Because of the lack of ESRD patient weight for some reason, we need to monitor and manage the weight with a properly balanced diet. The average caloric intake of ESRD patients falls to less than 30-35 kcal / kg / day, leading to malnutrition. To prevent malnutrition and morbidity and mortality, ESRD patients undergoing dialysis need to undergo periodic nutritional screening and testing comparing initial body weights to normal and ideal weight, dietary reviews, and food diary assessments is there.

Protein-

If you say ESRD patients need high protein, you must be confused. Because most known facts are that kidney disease patients should limit protein intake. As urea decomposes in the body and urine can not be excreted, it will become toxic if it accumulates in the bloodstream. This limited protein diet is until the patient undergoes dialysis. Since the protein loss of the patient undergoing dialysis is higher, it is necessary to take a high protein diet. The recommended dietary protein for hemodialysis patients is 1.2 g / kg body weight / day and 1.2 - 1.3 g / kg body weight / day for peritoneal dialysis patients. If dietary calorie intake is not sufficient, the patient should take nutritional supplement under the guidance of a nutritionist and tube feed or parenteral supplement as necessary.

Hint -

• Eat high-quality protein - Eat every meal, fish, pork, eggs, kidney beans, Bengal grams, soybeans.

• Add egg white or egg white powder or protein powder to the meal.

carbohydrate -

If you are overweight and have diabetes you need to limit the intake of carbohydrates, but you need to take a high carbohydrate diet to lose weight. Carbohydrates are a good source of energy. Your doctor or dietician will recommend the amount of carbohydrate needed for your diet.

Hint -

• Fruits, vegetables, bread, grains are included due to high fiber, mineral, vitamins and energy sources.

• If you are recommended for high calorie diet, please take hard candy, sugar, honey, jelly, pie, cake, cookie.

• Avoid desserts made from dairy products, chocolate, nuts and bananas.

Fat-

Because ESRD patients undergoing dialysis are at high risk of developing coronary artery disease, it is recommended to restrict the intake of saturated fats and cholesterol. They have predominantly high triglyceride levels, high LDL (low density lipoprotein) and low HDL (high density lipoprotein). We recommend eating high calorie diet, but you should avoid triglycerides and foods that raise cholesterol levels

Hint -

• Include foods that are mono-unsaturated fat and highly unsaturated fat and have low saturated fat. Sesame seed oil, linseed oil, olive oil, cottonseed oil and so on.

• Do not allow canola oil, coconut oil, fat, poultry, chicken, etc. to adhere to the skin.

Micronutrient-

ESRDS patients are recommended for low fat diet and restricted fluid intake.
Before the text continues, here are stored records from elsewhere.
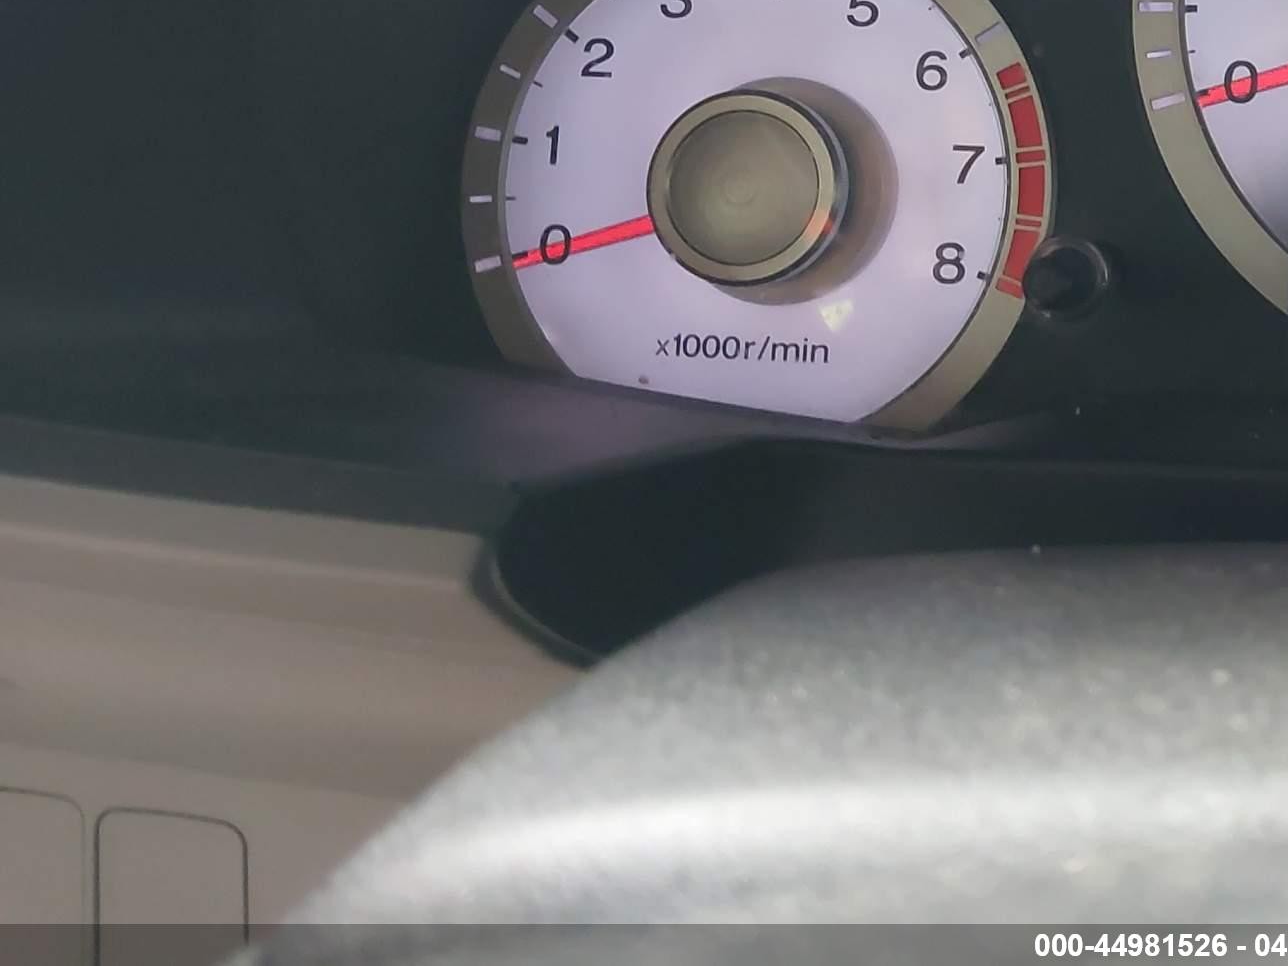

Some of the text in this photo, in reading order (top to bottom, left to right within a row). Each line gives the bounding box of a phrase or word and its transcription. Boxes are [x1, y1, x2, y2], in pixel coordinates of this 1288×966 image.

[580, 39, 616, 79] 2
[915, 51, 949, 91] 6
[1223, 60, 1258, 103] 0
[545, 126, 560, 165] 1
[952, 145, 985, 185] 7
[539, 223, 573, 265] 0
[932, 243, 967, 284] 8
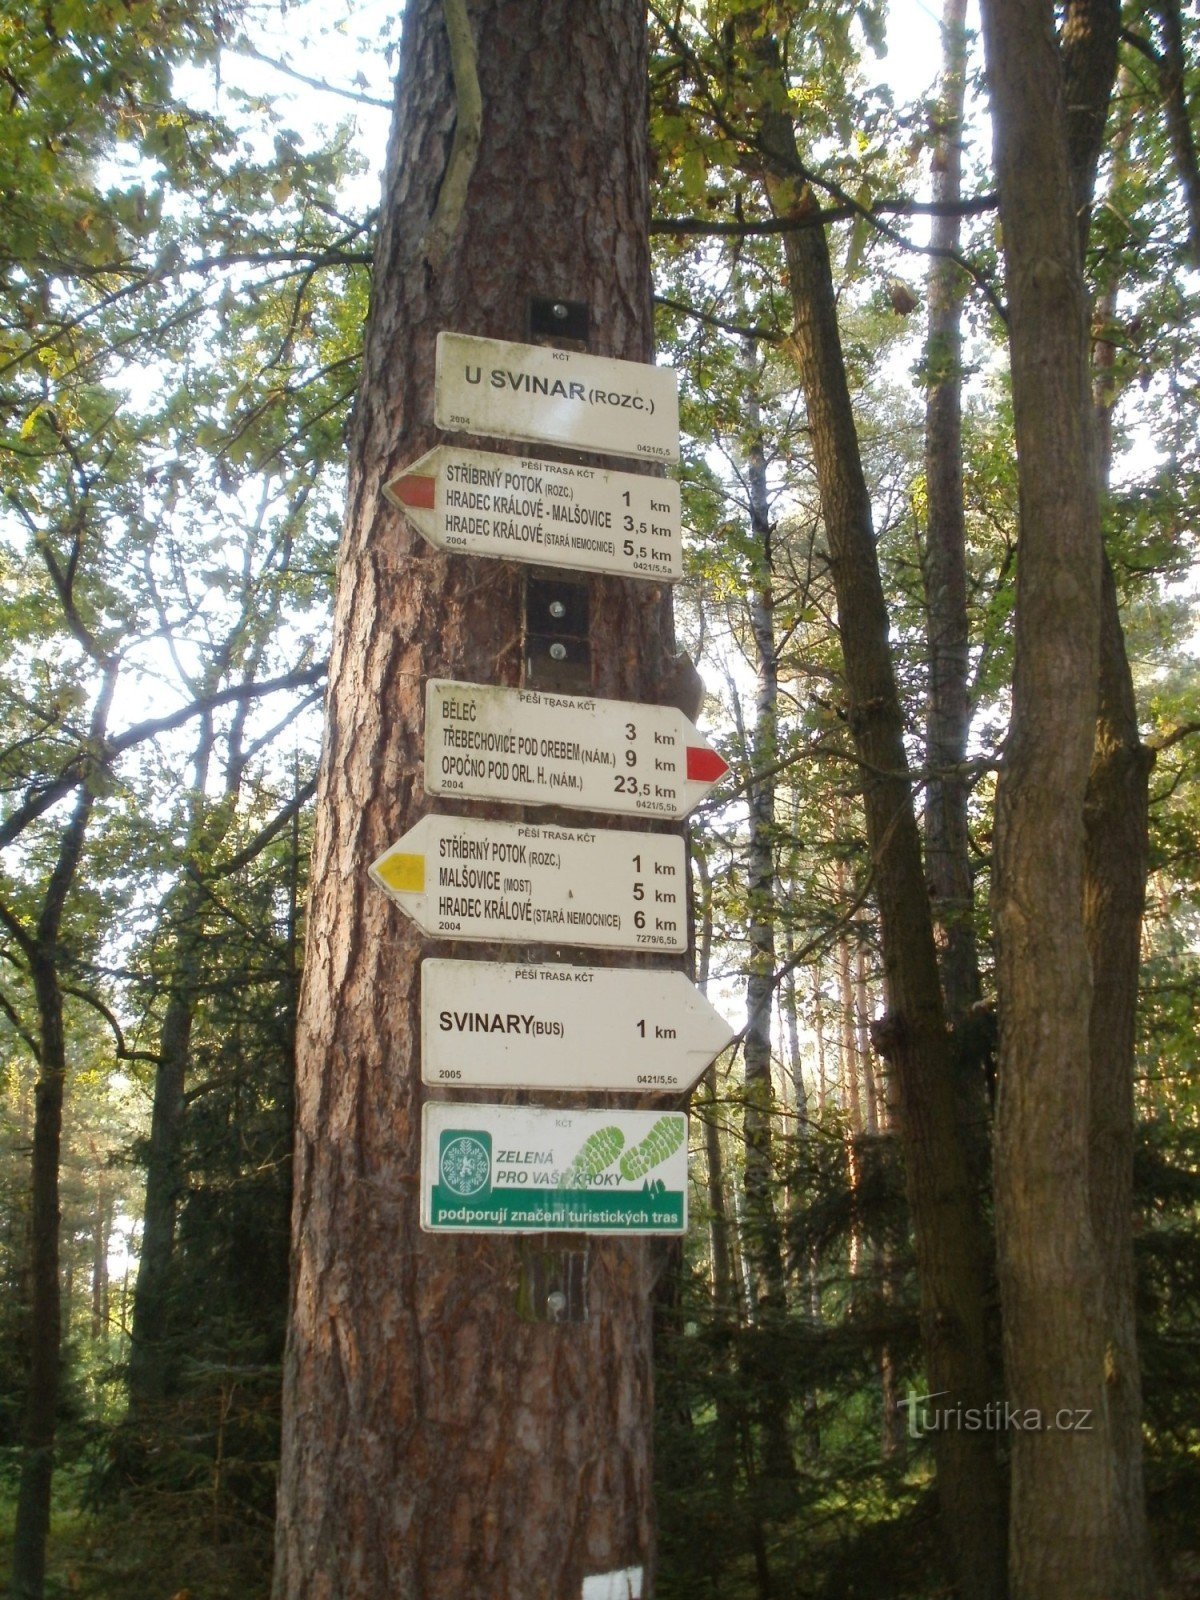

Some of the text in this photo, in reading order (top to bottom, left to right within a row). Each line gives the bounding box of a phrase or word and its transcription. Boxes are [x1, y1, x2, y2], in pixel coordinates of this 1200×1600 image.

[552, 352, 569, 362] KČT
[465, 365, 481, 385] U
[544, 464, 575, 476] TRASA
[576, 469, 595, 479] KČT
[446, 463, 671, 513] STŘÍBRNÝ POTOK (ROZC.) 1 km
[446, 489, 491, 511] HRADEC
[493, 494, 543, 519] KRÁLOVÉ
[552, 504, 612, 529] MALŠOVICE
[623, 515, 648, 535] 3,5
[651, 524, 672, 538] km
[445, 514, 490, 536] HRADEC
[571, 537, 615, 556] NEMOCNICE)
[623, 540, 648, 559] 5,5
[651, 548, 672, 562] km
[446, 535, 467, 546] 2004
[543, 697, 575, 709] TRASA
[577, 700, 596, 711] KČT
[442, 697, 675, 746] BĚLEČ 3 km
[443, 724, 516, 754] TŘEBECHOVICE
[518, 736, 539, 756] POD
[625, 750, 637, 767] 9
[655, 758, 676, 772] km
[441, 753, 676, 798] OPOČNO POD ORL. H. (NÁM.) 23,5 km
[441, 780, 464, 789] 2004
[518, 828, 596, 843] PĚŠÍ TRASA KČT
[440, 834, 676, 876] STŘÍBRNÝ POTOK (ROZC.) 1 km
[439, 865, 676, 903] MALŠOVICE (MOST) 5 km
[439, 896, 482, 918] HRADEC
[567, 911, 621, 931] NEMOCNICE)
[633, 910, 646, 929] 6
[655, 917, 677, 931] km
[438, 921, 461, 931] 2004
[636, 934, 677, 945] 7279/6,5b
[515, 969, 594, 983] PĚŠÍ TRASA KČT
[636, 1019, 646, 1038] 1
[655, 1026, 677, 1039] km
[439, 1069, 462, 1079] 2005
[637, 1075, 678, 1085] 0421/5,5c
[496, 1148, 554, 1164] ZELENÁ
[496, 1170, 528, 1184] PRO
[438, 1206, 678, 1226] podporují značení turistických tras
Therefore, many patients need to take vitamin supplements as fat-soluble (A, D, E and K) vitamins, water-soluble vitamins can not adequately absorb diet and water-soluble vitamins are also treated by dialysis treatment Lost inside. In most cases, these vitamins are given through the vein during dialysis treatment.

It is not an easy task to manage all of the above nutrients in the right amount that matches your needs and you can not do it yourself. Please do not diet that may endanger your health. This article is for your information and knowledge. Please consult a nutritionist who can design a diet that suits your special needs. Always take your family to understand your dietary needs so that you can help obey your meal. Following the proper diet and physical activity as recommended by a doctor, a dietician will make you feel better and will help you live a relatively healthy life at ESRD.